In Dazed & Confused, Linklater was offered the opportunity to grapple with his teenage years, growing up in Texas in the 1970s. In Everybody Wants Some!!, the 55-year-old, who studied at Sam Houston State University in Texas, where he too played baseball, "was trying to deal with my college years, y'know, what it was like to be young at that very point in time". He admits that "there's a bit of me in all of the characters".
"Pre-Reagan/Bush era, pre-AIDS, pre-, you know a lot of pre-s."
"The more farther away I got from it the more interesting it started to be. You look at your own past — it's very autobiographical, I was in college at that moment, blah, blah, blah — I was starting to think it was a pretty fun time to have been in college. Culture's really changed a lot.
"Culturally I look back [at the late '70s/1980] and I go — I think a lot of other people do too — when you think about it, in the US, it was kind of the end of a certain generation, there was a lot of optimism in the '70s, compared to today. College was very inexpensive, weed was going to be legal any second, it was progressive, it was a pretty cool time, a pretty raunchy time. Pre-Reagan/Bush era, pre-AIDS, pre-, you know a lot of pre-s."
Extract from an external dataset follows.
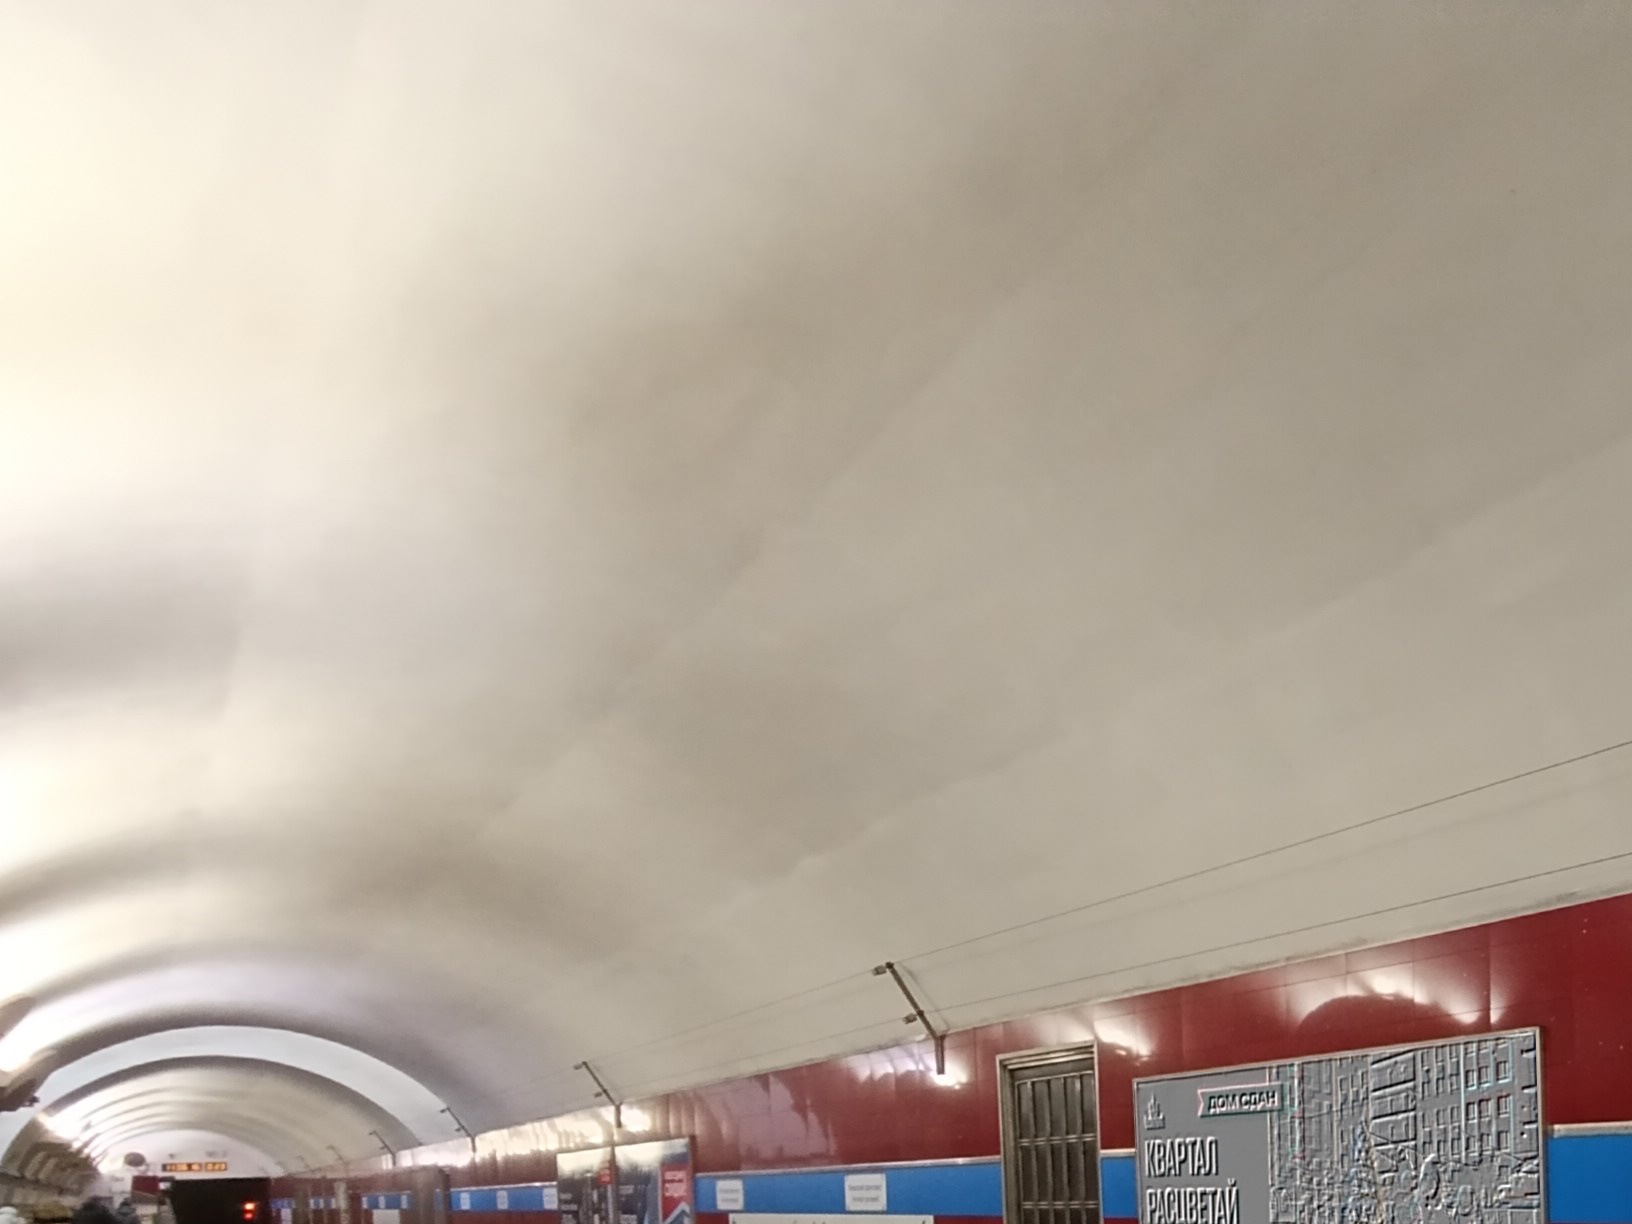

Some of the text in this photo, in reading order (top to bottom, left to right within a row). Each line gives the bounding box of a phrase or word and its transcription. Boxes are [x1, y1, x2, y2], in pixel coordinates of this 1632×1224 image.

But no way would Linklater want to go back to being 18 years old, particularly not back to first young adult love, the blossoming of which we see for Jake in the film. "Too much anxiety, too much, y'know, stuff to be a young person ever. What [Everybody Wants Some!!] meant to me, is the first time I sort of acknowledged myself as far as like: 'Ok, these were my decisions, I was an adult.' That's what the film's about: your adult meter starts ticking for the first time at this phase of life… I was less conflicted about this phase of my life. I started accepting my life. 'That's who I am, those are the decisions I'm making,' you live with it. But I wouldn't want to go back to it.
"You're kind of becoming who you are at that stage. You're not experienced but you're certainly who you're going to be to some degree. I don't have much nostalgia for it — it's a messy time. I associate more heartache, pain, y'know all that stuff, [it] feels more real as the love part. The love part is fleeting and wonderful, the pain and the aftermath kind of hangs around a long time. One more reason not go back to that time."